- Exercise brief -
Images are to be excluded from the copy, and the records below reproduced word for word.
··· Record set
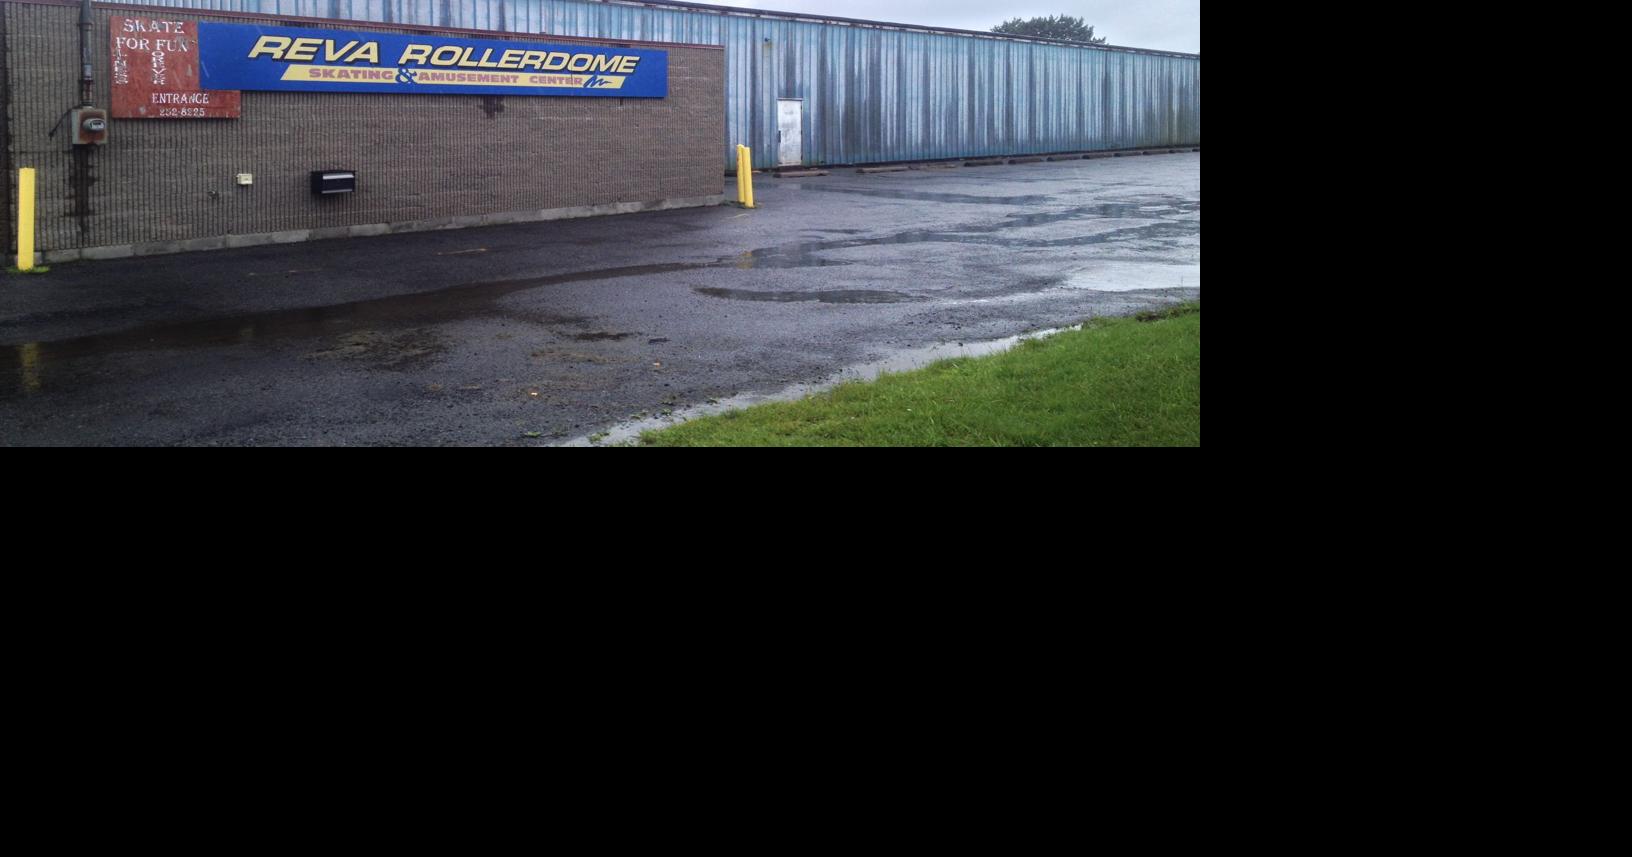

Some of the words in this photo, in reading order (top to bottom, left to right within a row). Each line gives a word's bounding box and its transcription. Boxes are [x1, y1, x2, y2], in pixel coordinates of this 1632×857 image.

[123, 18, 185, 34] SKATE
[115, 36, 150, 51] FOR
[156, 38, 188, 53] FUN
[247, 35, 381, 64] REVA
[397, 43, 640, 73] ROLLERDOME
[308, 68, 394, 81] SKATING
[418, 72, 519, 84] AMUSEMENT
[529, 74, 584, 86] CENTER
[152, 93, 209, 104] ENTRANCE
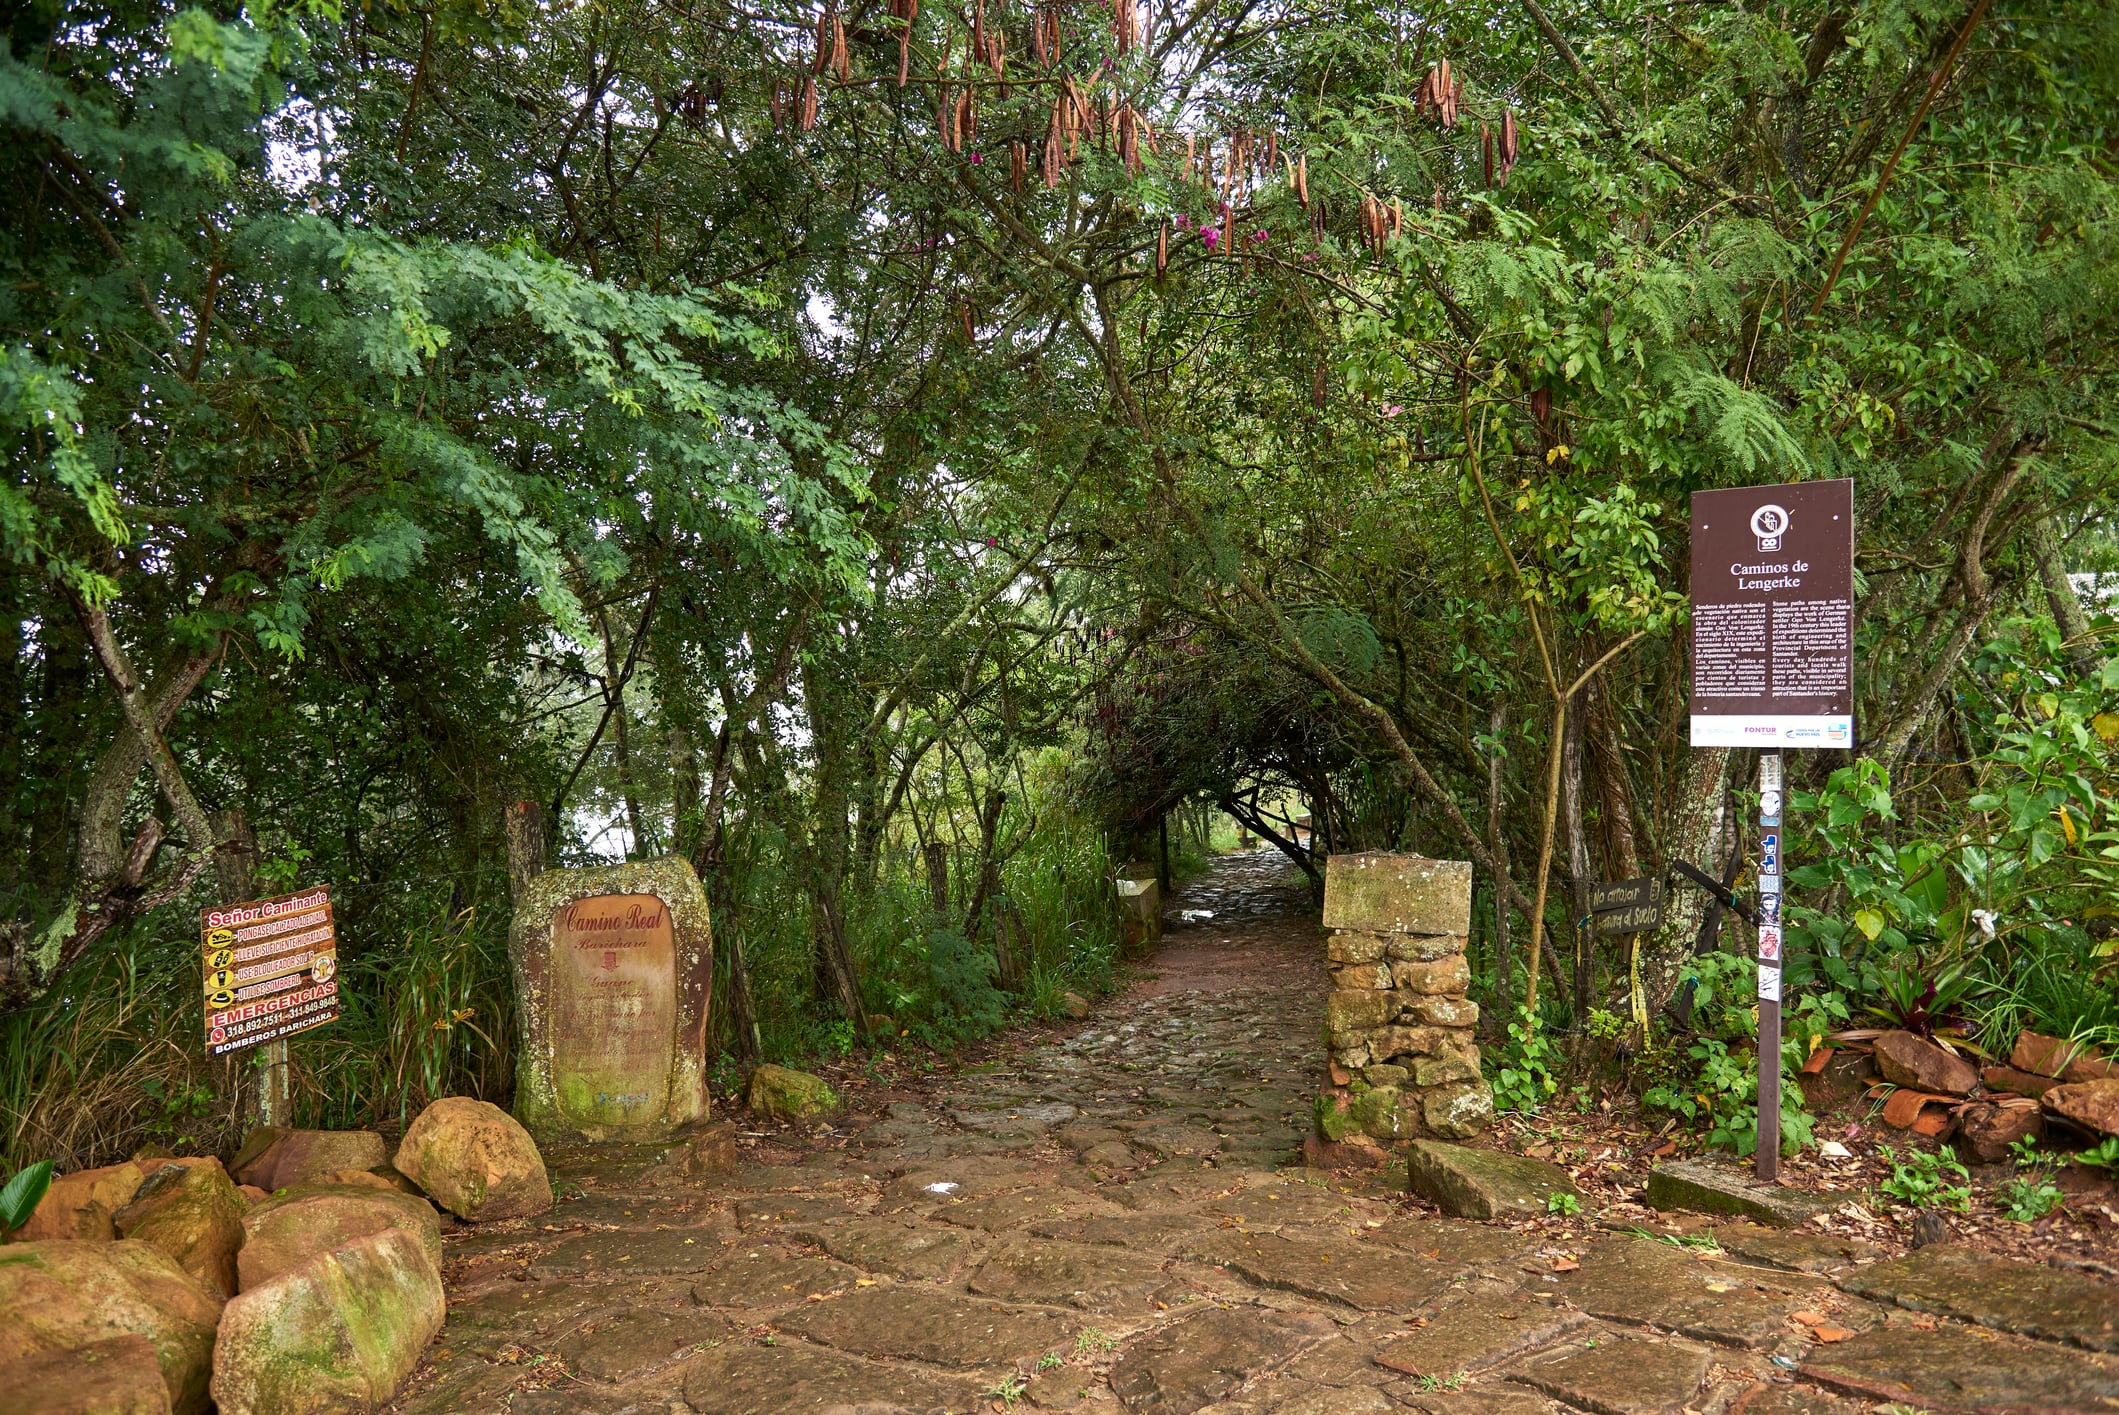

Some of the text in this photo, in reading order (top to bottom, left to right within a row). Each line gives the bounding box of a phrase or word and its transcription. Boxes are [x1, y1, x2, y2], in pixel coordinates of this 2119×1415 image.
······
- Response box -
Some of the words in this photo, in reading order (top to bottom, left to right within a row). Each line gives a word's bounding box and its transcription. Boxes are [x1, y1, x2, y2], in pixel coordinates of this 1632×857 image.

[123, 18, 185, 34] SKATE
[115, 36, 150, 51] FOR
[156, 38, 188, 53] FUN
[247, 35, 381, 64] REVA
[397, 43, 640, 73] ROLLERDOME
[308, 68, 394, 81] SKATING
[418, 72, 519, 84] AMUSEMENT
[529, 74, 584, 86] CENTER
[152, 93, 209, 104] ENTRANCE

Some of the text in this photo, in reading order (top to bottom, left to right within a row). Each line gives the bounding box of a phrase or word and its transcription. Boxes are [x1, y1, x2, y2], in pixel coordinates of this 2119×1415 image.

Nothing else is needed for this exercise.